_About this exercise_
The records that follow should be returned exactly, pictures excluded.

•••••

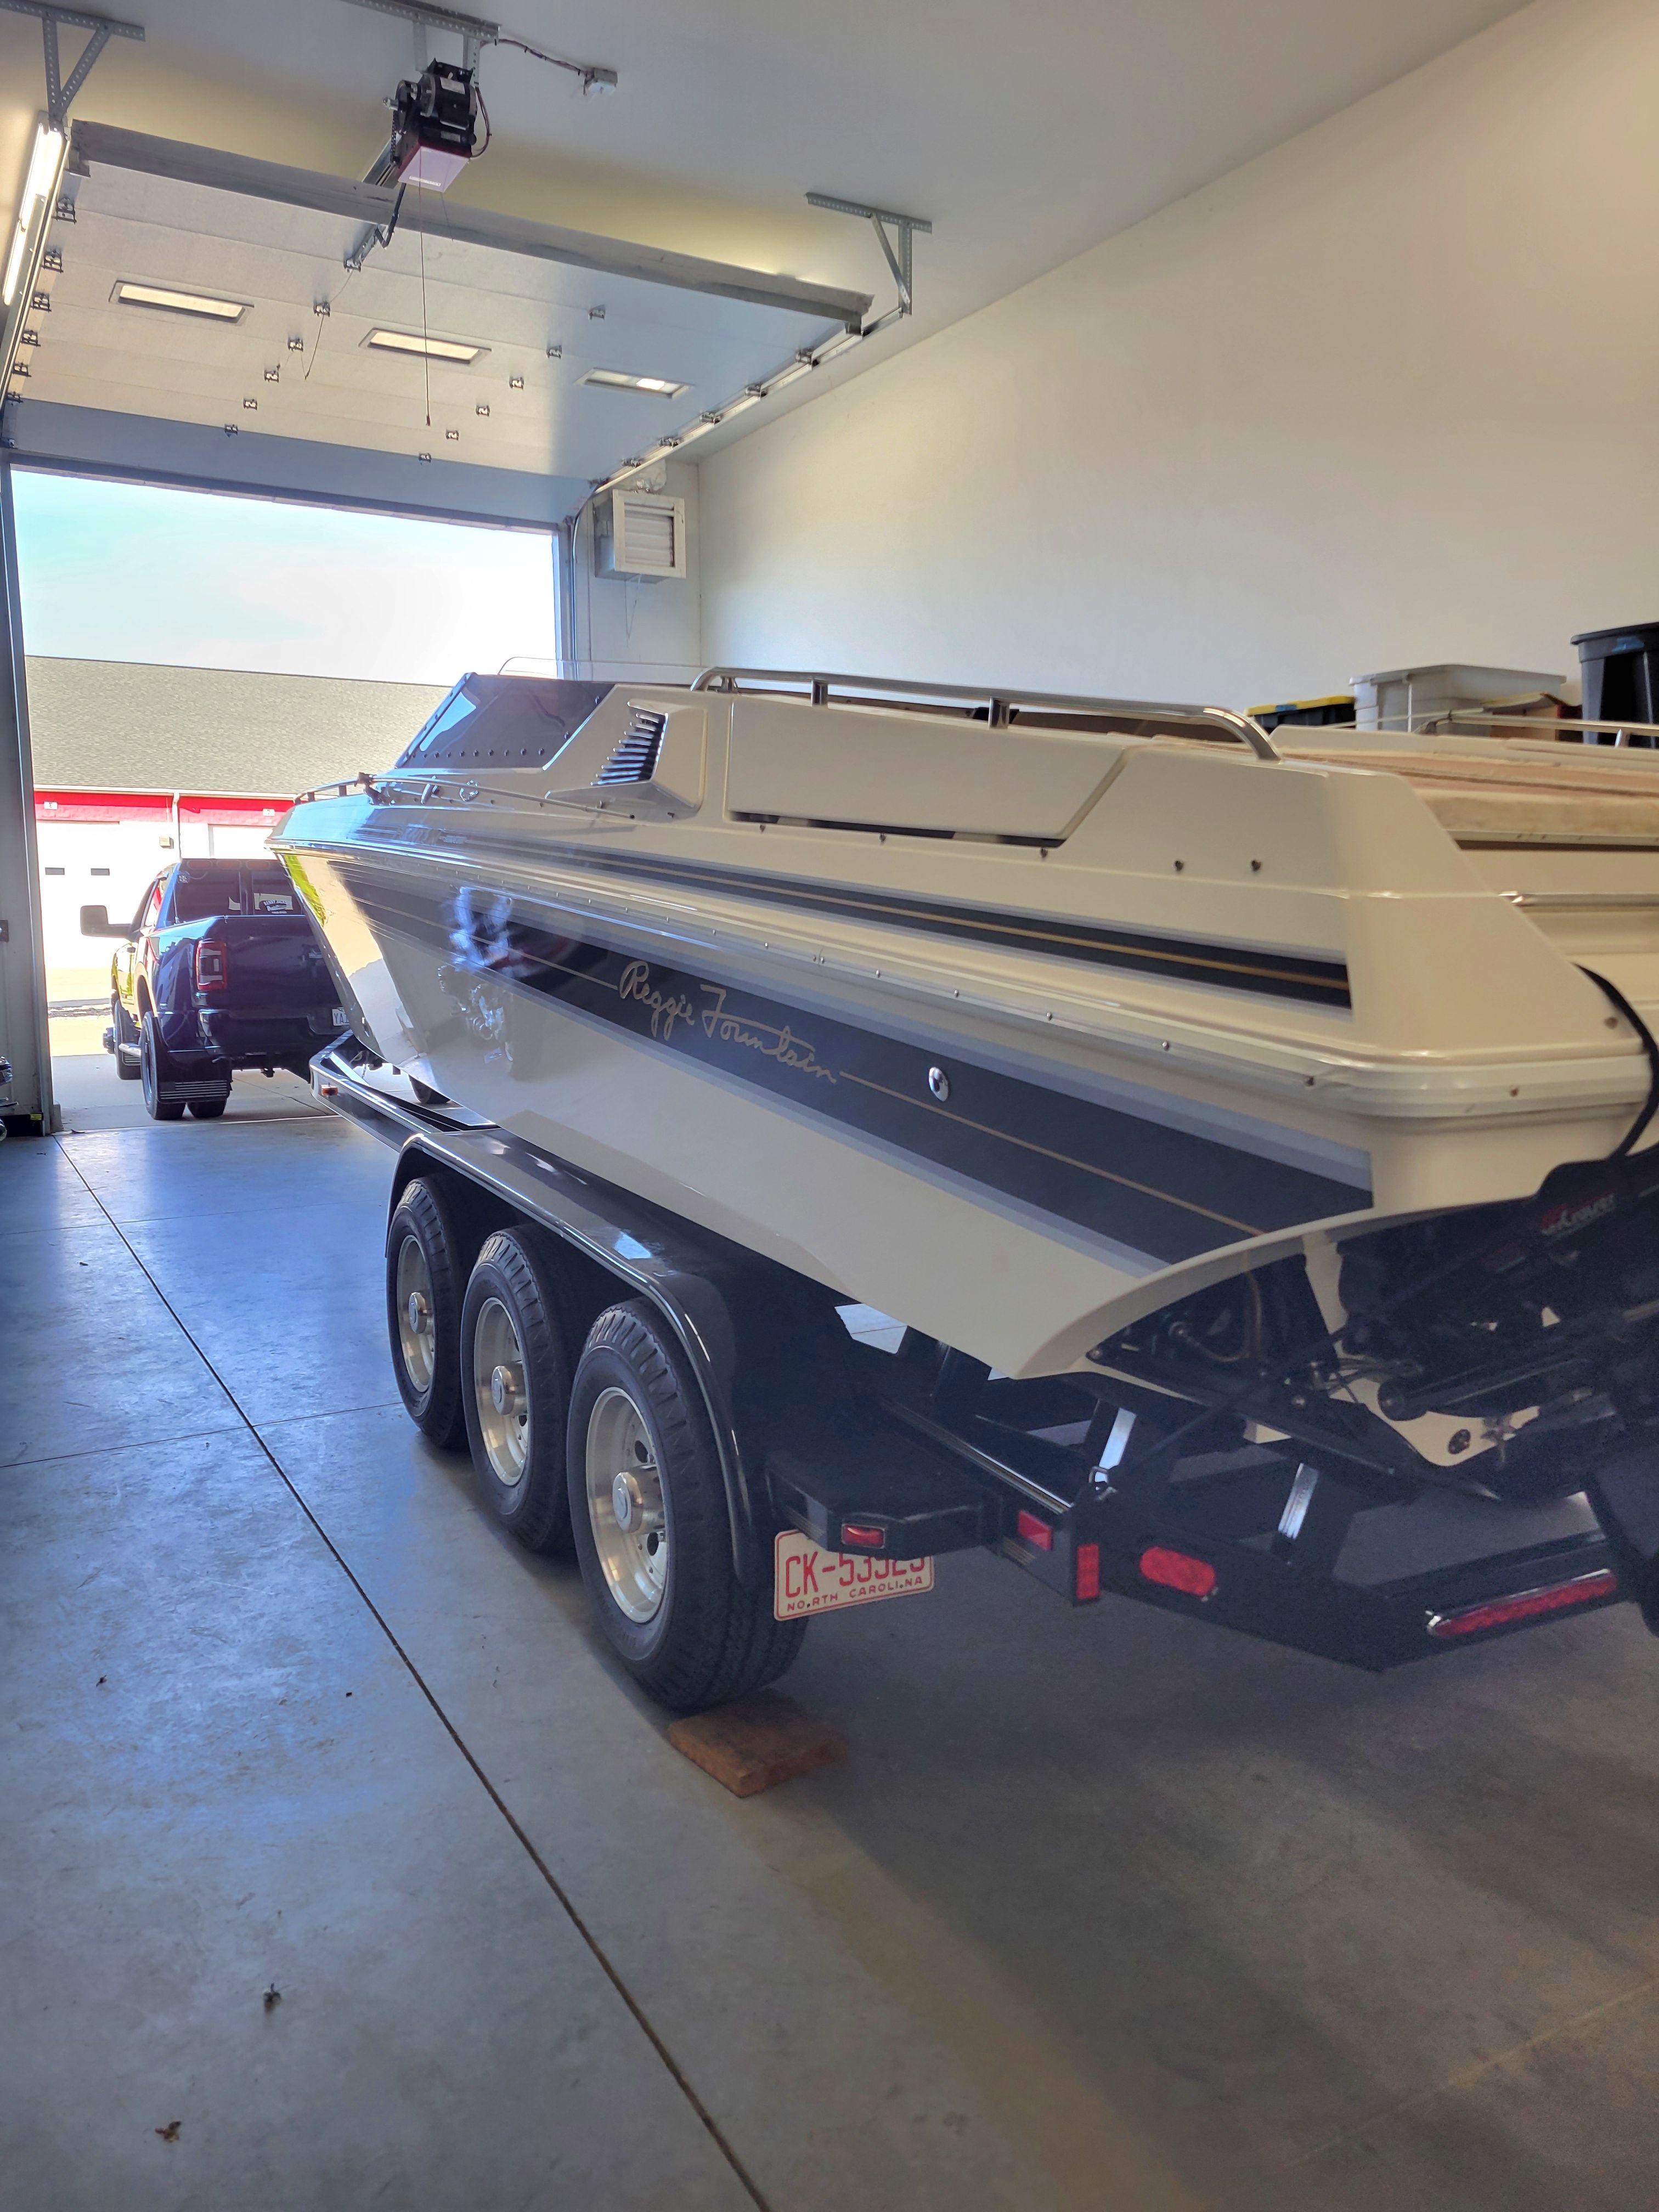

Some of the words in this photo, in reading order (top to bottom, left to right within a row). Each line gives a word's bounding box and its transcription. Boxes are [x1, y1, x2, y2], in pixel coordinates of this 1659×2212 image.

[619, 960, 695, 1041] Reggie
[700, 984, 838, 1084] Fountain
[787, 1593, 838, 1612] NORTH
[849, 1576, 923, 1598] CAROLINA
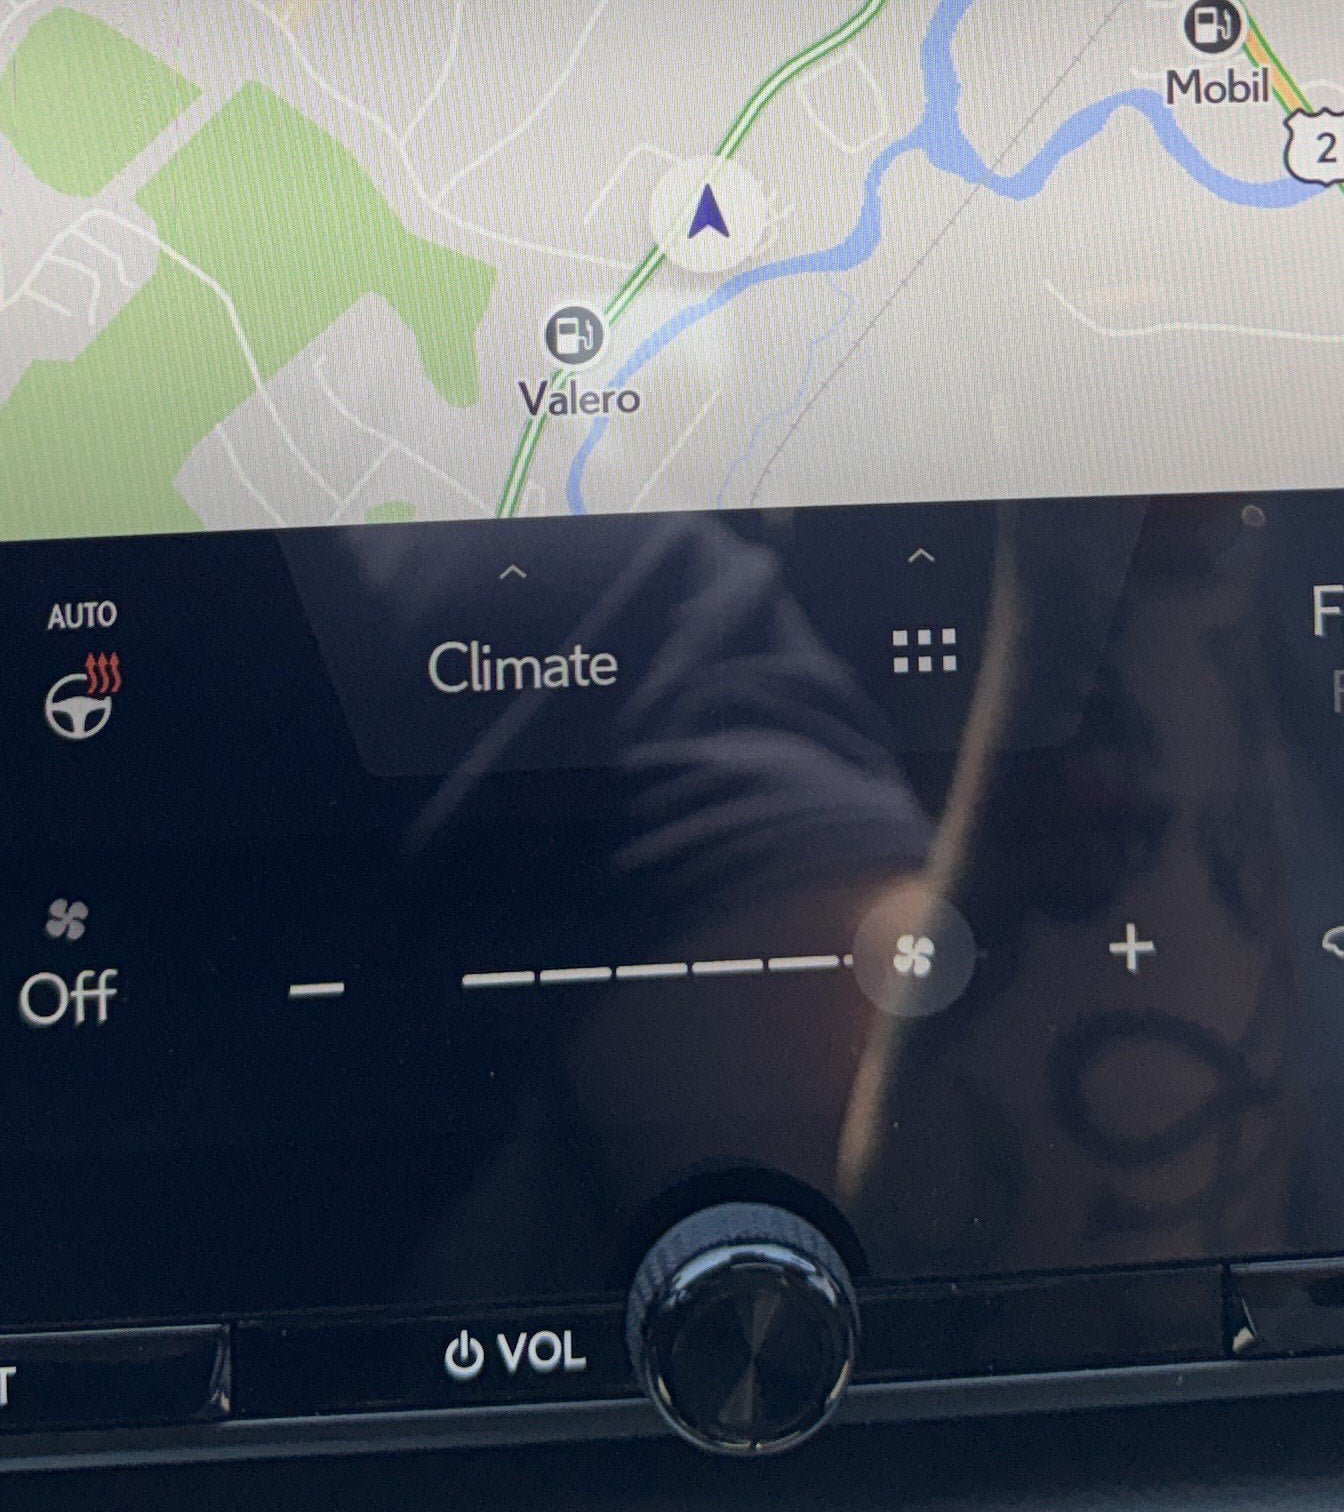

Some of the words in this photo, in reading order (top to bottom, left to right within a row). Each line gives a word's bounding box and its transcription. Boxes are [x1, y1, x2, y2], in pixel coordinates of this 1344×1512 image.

[1167, 69, 1270, 105] Mobil
[1317, 131, 1338, 164] 2
[519, 380, 641, 416] Valero
[47, 600, 118, 630] AUTO
[427, 640, 619, 694] Climate
[19, 968, 119, 1028] Off
[497, 1330, 587, 1373] VOL
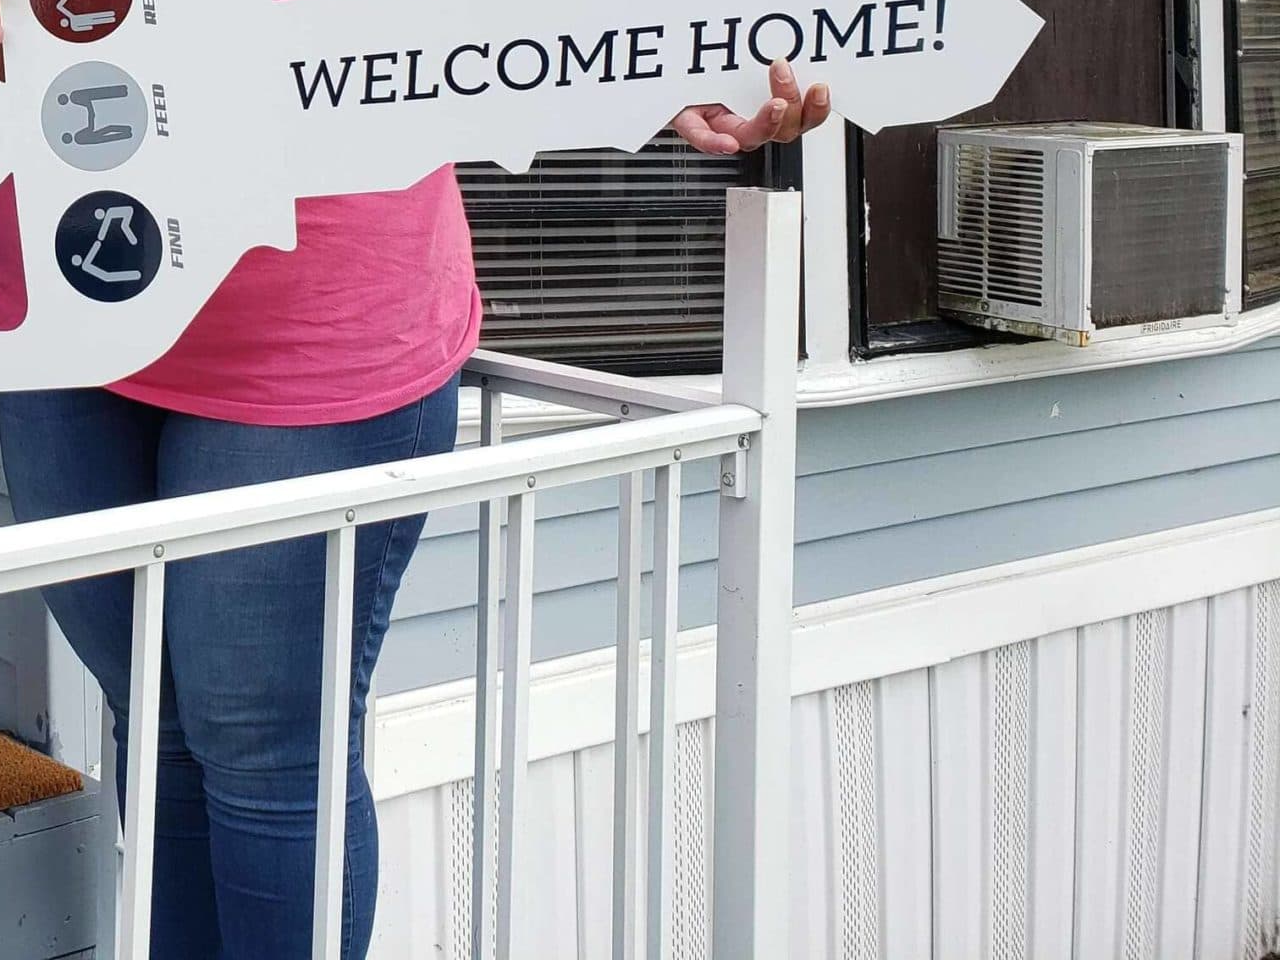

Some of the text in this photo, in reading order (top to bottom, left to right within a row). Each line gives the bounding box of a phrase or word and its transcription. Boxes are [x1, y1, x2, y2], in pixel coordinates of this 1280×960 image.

•••••

_Written answer_
Some of the words in this photo, in reading order (top to bottom, left to right within a row). Each line gives a word's bounding box and its transcription. Boxes are [x1, y1, x2, y2], in pixel coordinates of this 1659×2212 image.

[619, 960, 695, 1041] Reggie
[700, 984, 838, 1084] Fountain
[787, 1593, 838, 1612] NORTH
[849, 1576, 923, 1598] CAROLINA

Some of the words in this photo, in reading order (top to bottom, left to right within a row). Each line gives a word's bounding box and its transcription. Boxes are [x1, y1, x2, y2], in pixel coordinates of this 1344×1512 image.

[1167, 69, 1270, 105] Mobil
[1317, 131, 1338, 164] 2
[519, 380, 641, 416] Valero
[47, 600, 118, 630] AUTO
[427, 640, 619, 694] Climate
[19, 968, 119, 1028] Off
[497, 1330, 587, 1373] VOL

Some of the text in this photo, in reading order (top to bottom, left to right within a row). Each line gives the bounding box of a phrase or word and its transcription. Boxes are [x1, y1, x2, y2], in pixel coordinates of this 1280×960 image.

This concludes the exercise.